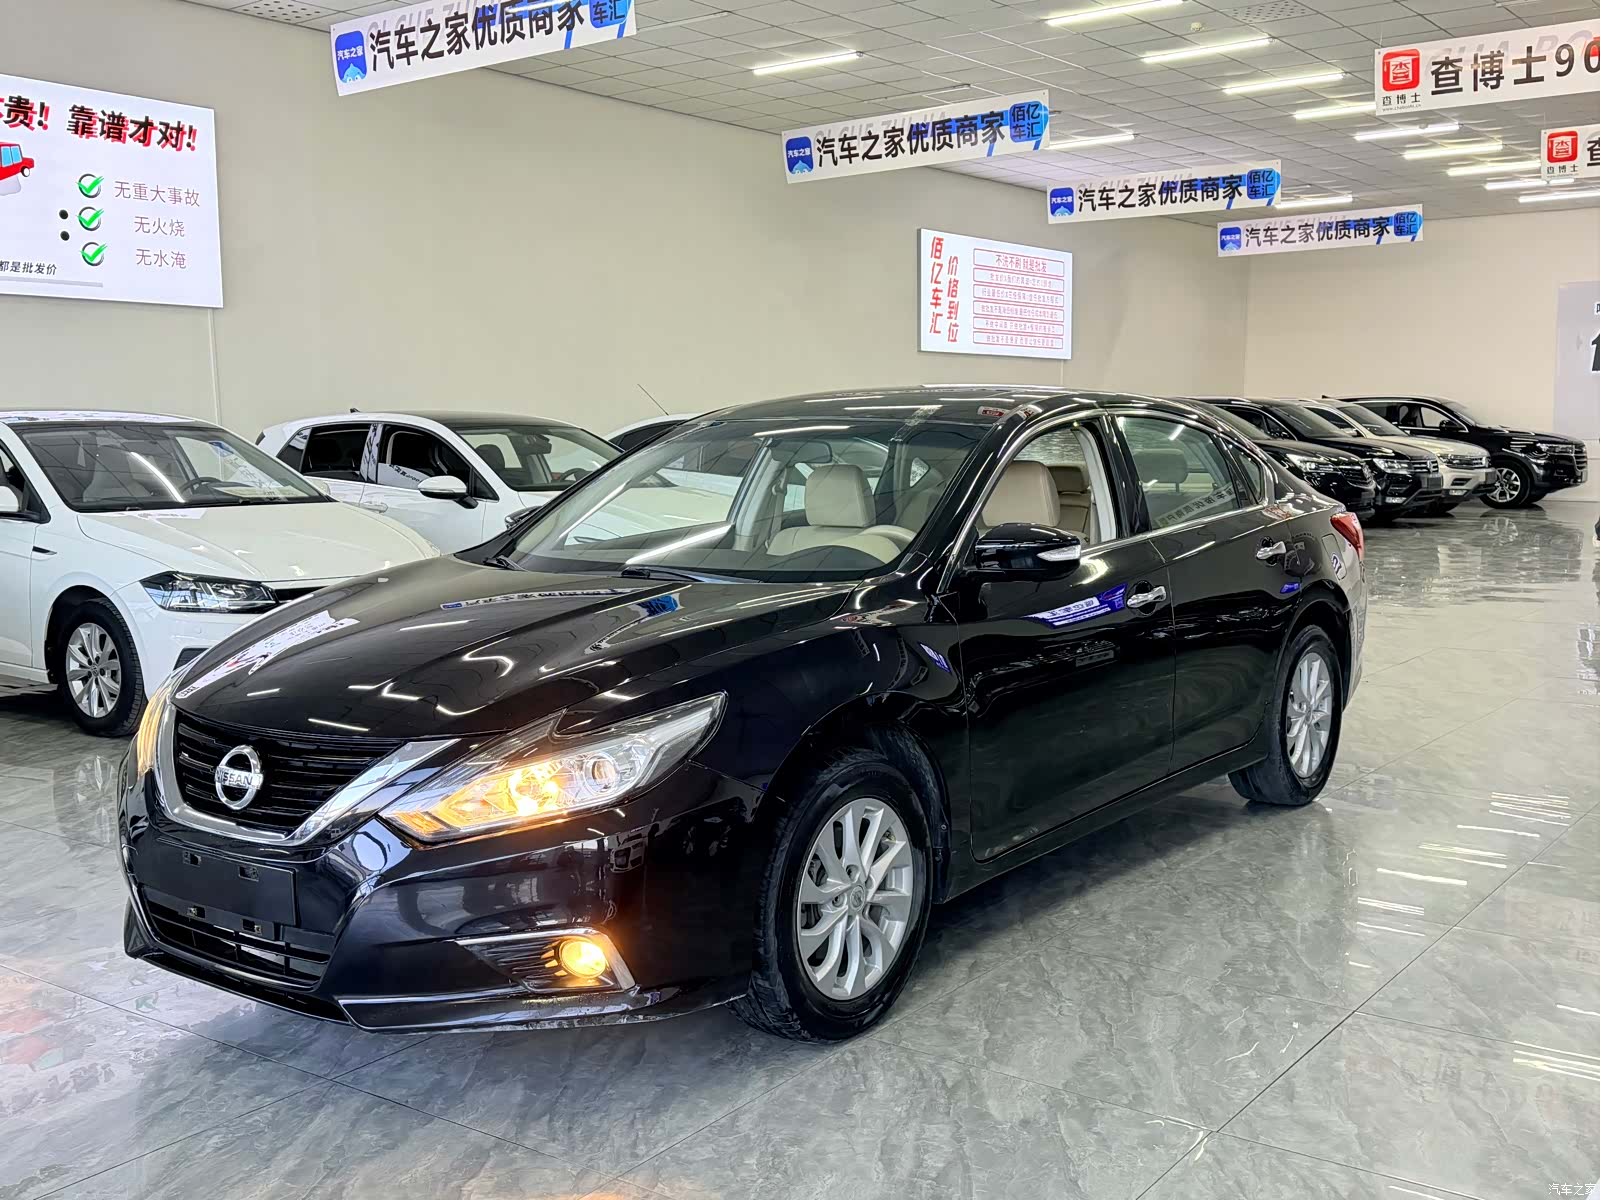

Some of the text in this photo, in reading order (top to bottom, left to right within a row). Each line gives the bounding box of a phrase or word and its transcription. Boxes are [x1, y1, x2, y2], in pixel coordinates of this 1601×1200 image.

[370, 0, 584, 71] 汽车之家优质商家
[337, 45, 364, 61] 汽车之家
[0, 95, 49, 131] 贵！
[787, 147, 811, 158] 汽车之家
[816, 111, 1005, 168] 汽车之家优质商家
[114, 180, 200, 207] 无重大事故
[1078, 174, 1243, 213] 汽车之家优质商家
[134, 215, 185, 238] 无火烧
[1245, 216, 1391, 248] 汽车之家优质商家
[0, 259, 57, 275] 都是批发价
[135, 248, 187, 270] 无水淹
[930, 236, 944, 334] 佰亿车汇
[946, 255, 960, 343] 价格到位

◇ ◇ ◇

EXERCISE DETAILS -> Write out all of the data above exactly, without any of its pictures.

ANSWER BOX ->
Some of the text in this photo, in reading order (top to bottom, left to right within a row). Each line gives the bounding box of a phrase or word and its transcription. Boxes are [x1, y1, x2, y2], in pixel coordinates of this 1601×1200 image.

[370, 0, 584, 71] 汽车之家优质商家
[337, 45, 364, 61] 汽车之家
[0, 95, 49, 131] 贵！
[787, 147, 811, 158] 汽车之家
[816, 111, 1005, 168] 汽车之家优质商家
[114, 180, 200, 207] 无重大事故
[1078, 174, 1243, 213] 汽车之家优质商家
[134, 215, 185, 238] 无火烧
[1245, 216, 1391, 248] 汽车之家优质商家
[0, 259, 57, 275] 都是批发价
[135, 248, 187, 270] 无水淹
[930, 236, 944, 334] 佰亿车汇
[946, 255, 960, 343] 价格到位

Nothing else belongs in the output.